START Extracted records

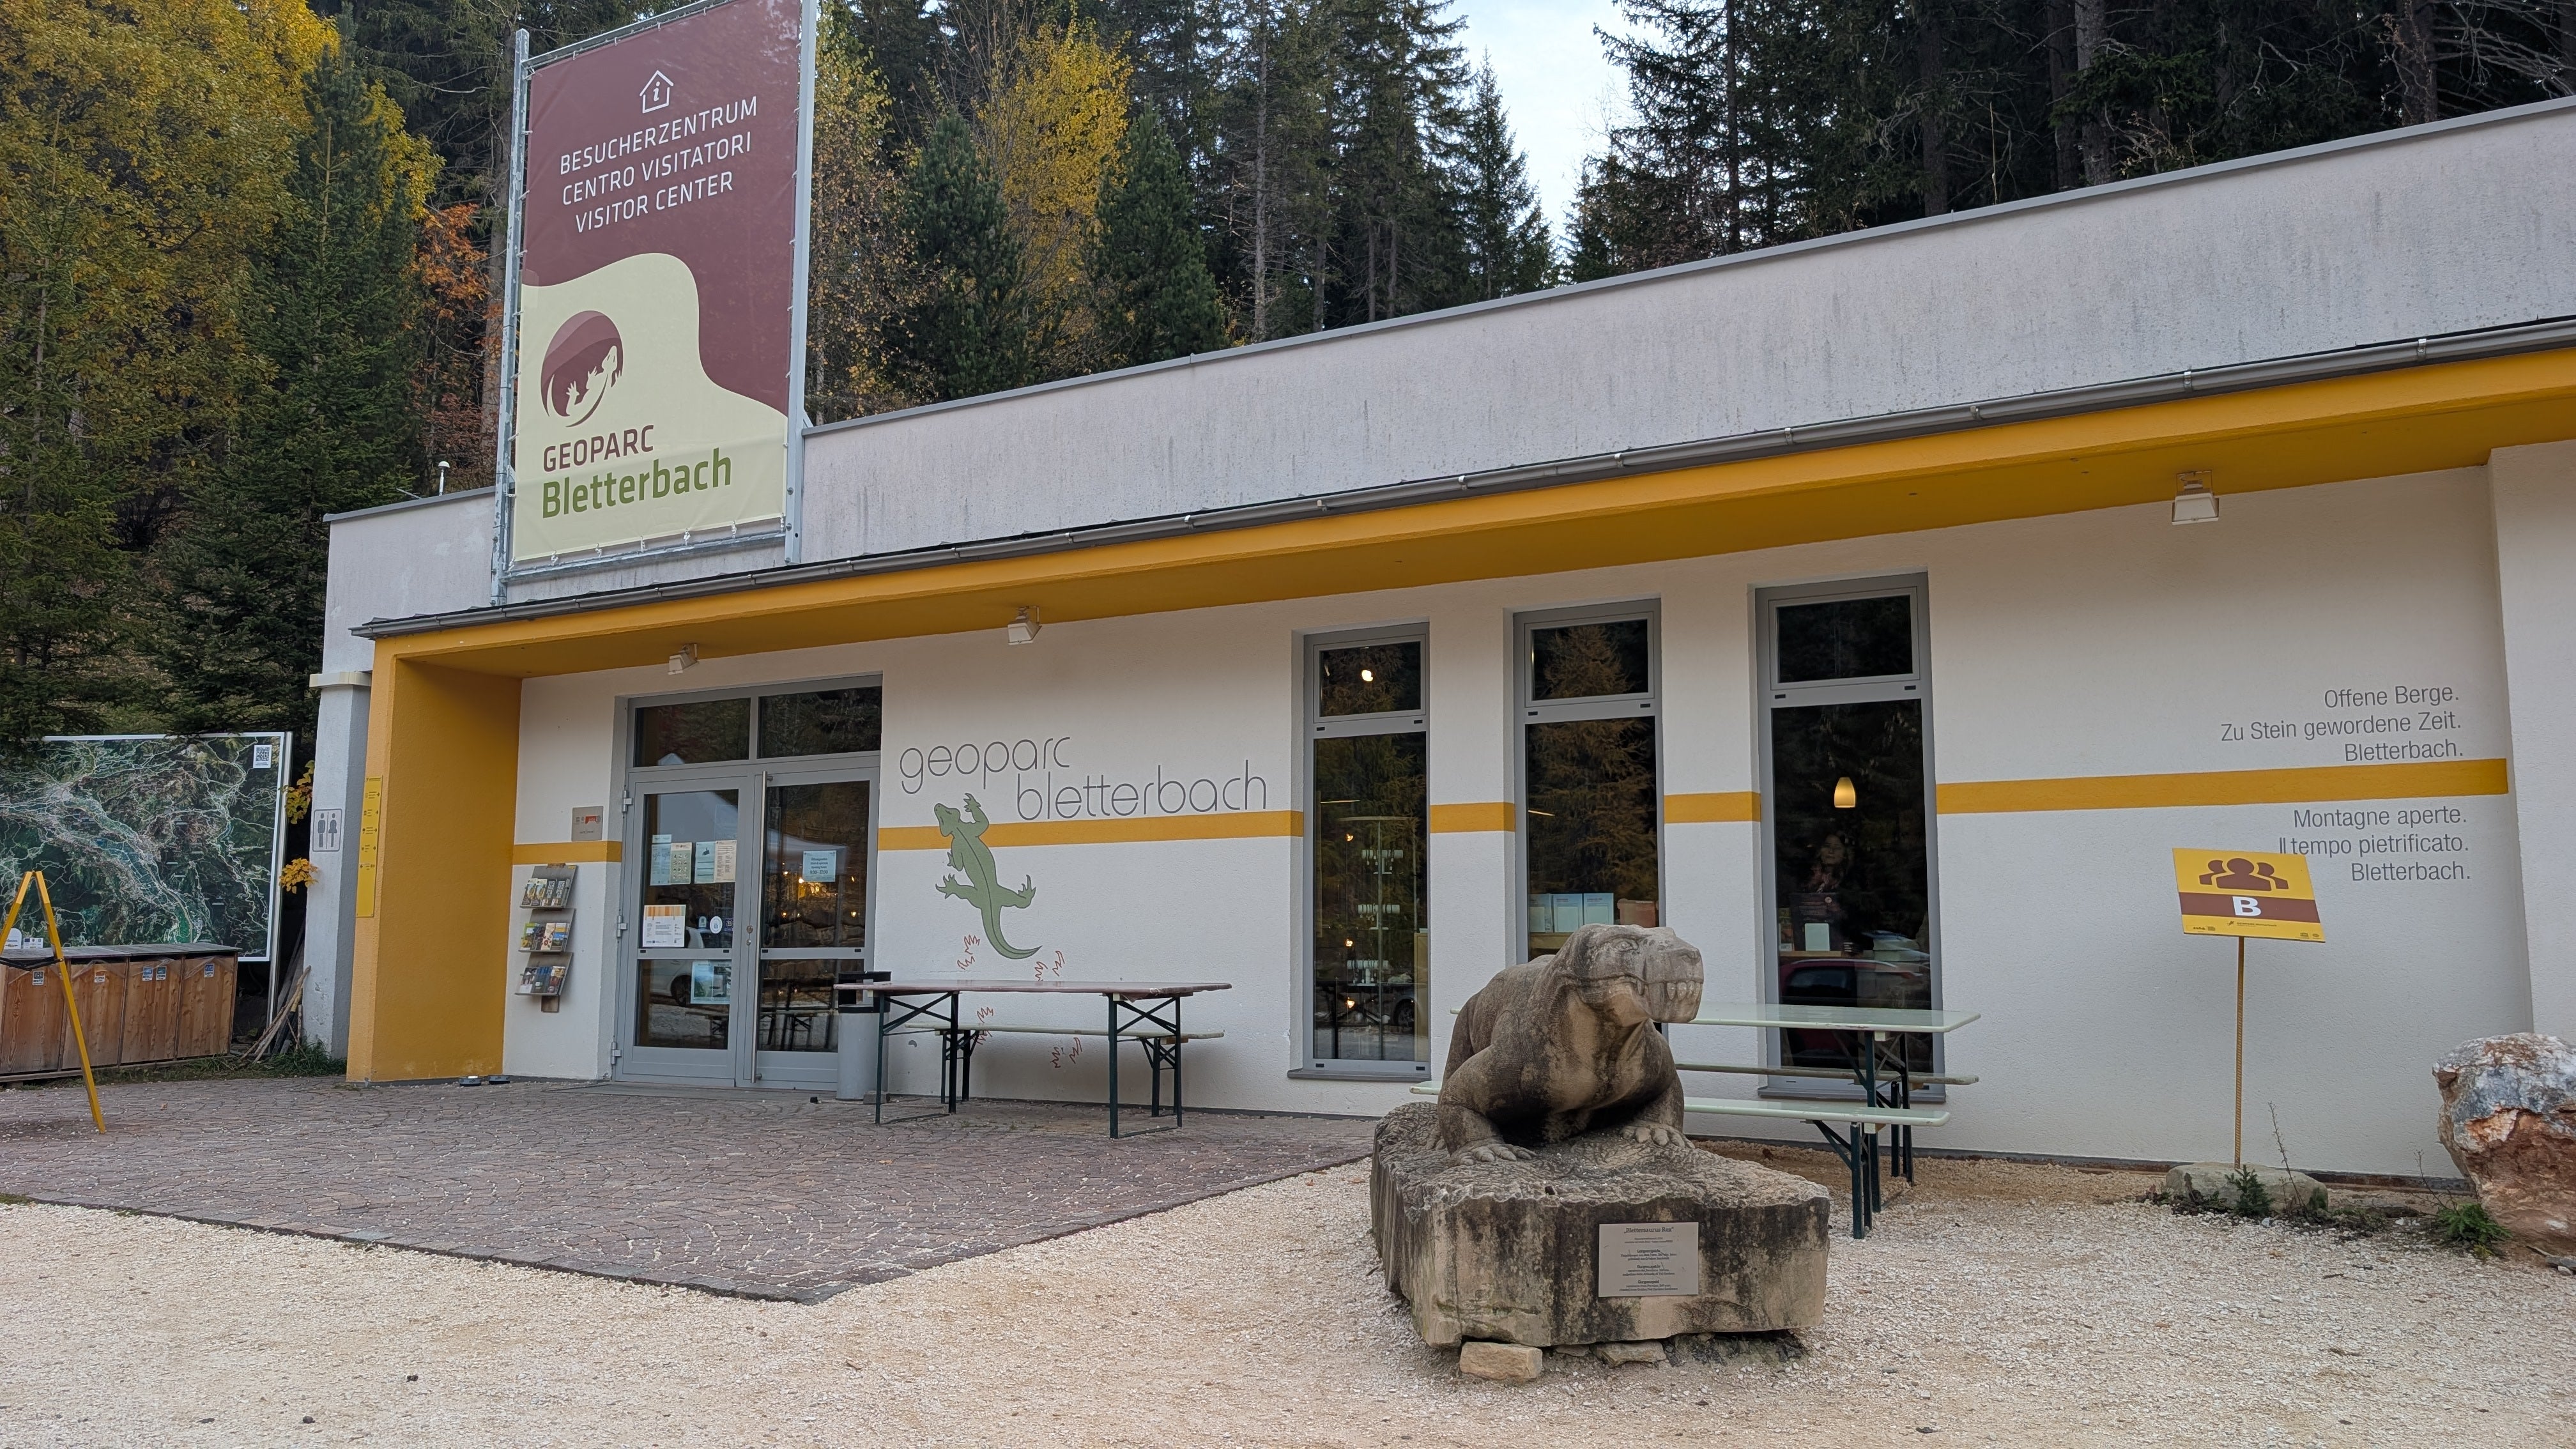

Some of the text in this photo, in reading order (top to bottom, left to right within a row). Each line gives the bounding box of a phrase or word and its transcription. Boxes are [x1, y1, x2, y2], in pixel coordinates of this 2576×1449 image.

[560, 96, 756, 175] BESUCHERZENTRUM
[563, 131, 751, 205] CENTRO VISITATORI
[576, 171, 733, 233] VISITOR CENTER
[543, 424, 654, 472] GEOPARC
[542, 447, 731, 519] Bletterbach
[2324, 686, 2459, 708] Offene Berge.
[2221, 711, 2461, 742] Zu Stein gewordene Zeit.
[900, 737, 1071, 795] geoparc
[2345, 739, 2463, 762] Bletterbach.
[1017, 759, 1266, 821] bletterbach
[2294, 806, 2466, 831] Montagne aperte.
[2279, 833, 2469, 858] Il tempo pietrificato.
[2351, 861, 2470, 881] Bletterbach.
[2232, 896, 2262, 917] B

END Extracted records

Exercise requirements: All of the material above must be retyped exactly, line for line, with the images dropped.

Task output:
Some of the text in this photo, in reading order (top to bottom, left to right within a row). Each line gives the bounding box of a phrase or word and its transcription. Boxes are [x1, y1, x2, y2], in pixel coordinates of this 2576×1449 image.

[560, 96, 756, 175] BESUCHERZENTRUM
[563, 131, 751, 205] CENTRO VISITATORI
[576, 171, 733, 233] VISITOR CENTER
[543, 424, 654, 472] GEOPARC
[542, 447, 731, 519] Bletterbach
[2324, 686, 2459, 708] Offene Berge.
[2221, 711, 2461, 742] Zu Stein gewordene Zeit.
[900, 737, 1071, 795] geoparc
[2345, 739, 2463, 762] Bletterbach.
[1017, 759, 1266, 821] bletterbach
[2294, 806, 2466, 831] Montagne aperte.
[2279, 833, 2469, 858] Il tempo pietrificato.
[2351, 861, 2470, 881] Bletterbach.
[2232, 896, 2262, 917] B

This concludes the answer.